**Exercise description:** Please reproduce the entries below exactly, omitting any images they contain.

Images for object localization
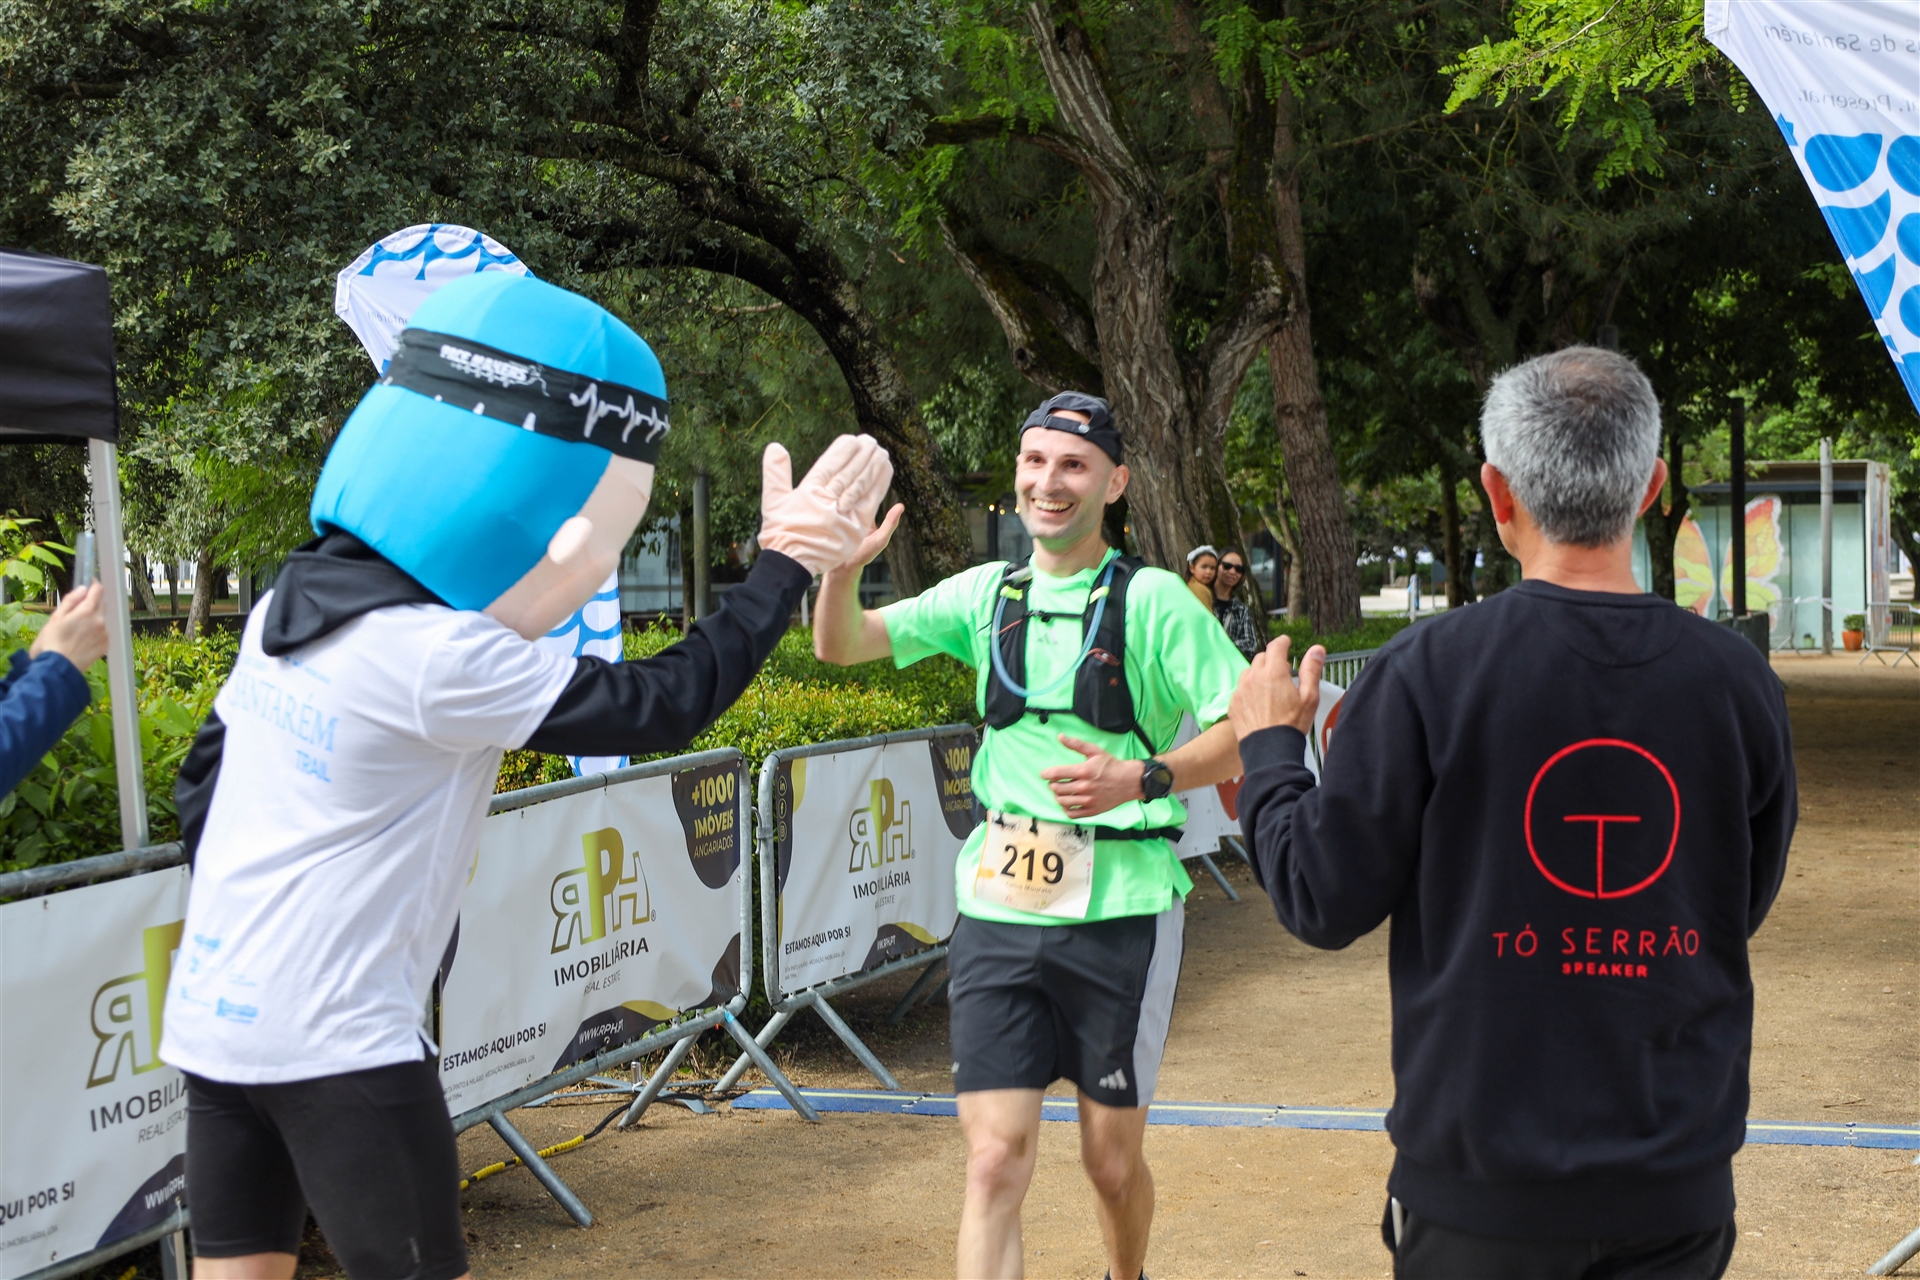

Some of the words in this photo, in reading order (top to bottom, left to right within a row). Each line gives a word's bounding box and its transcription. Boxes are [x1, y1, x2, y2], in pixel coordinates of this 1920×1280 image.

[691, 771, 735, 808] +1000
[694, 808, 734, 840] IMÓVEIS
[693, 834, 734, 860] ANGARIADOS
[1000, 844, 1064, 885] 219
[828, 927, 843, 942] POR
[1492, 923, 1539, 958] TÓ
[1561, 925, 1700, 957] SERRÃO
[553, 937, 650, 988] IMOBILIÁRIA
[1561, 961, 1648, 978] SPEAKER
[443, 1042, 489, 1073] ESTAMOS
[489, 1033, 515, 1054] AQUI
[516, 1026, 537, 1046] POR
[537, 1021, 547, 1038] SI
[137, 1124, 166, 1144] REAL
[28, 1187, 58, 1215] POR
[62, 1180, 76, 1201] SI

**Response area:**
Some of the words in this photo, in reading order (top to bottom, left to right within a row). Each line gives a word's bounding box and its transcription. Boxes are [x1, y1, x2, y2], in pixel coordinates of this 1920×1280 image.

[691, 771, 735, 808] +1000
[694, 808, 734, 840] IMÓVEIS
[693, 834, 734, 860] ANGARIADOS
[1000, 844, 1064, 885] 219
[828, 927, 843, 942] POR
[1492, 923, 1539, 958] TÓ
[1561, 925, 1700, 957] SERRÃO
[553, 937, 650, 988] IMOBILIÁRIA
[1561, 961, 1648, 978] SPEAKER
[443, 1042, 489, 1073] ESTAMOS
[489, 1033, 515, 1054] AQUI
[516, 1026, 537, 1046] POR
[537, 1021, 547, 1038] SI
[137, 1124, 166, 1144] REAL
[28, 1187, 58, 1215] POR
[62, 1180, 76, 1201] SI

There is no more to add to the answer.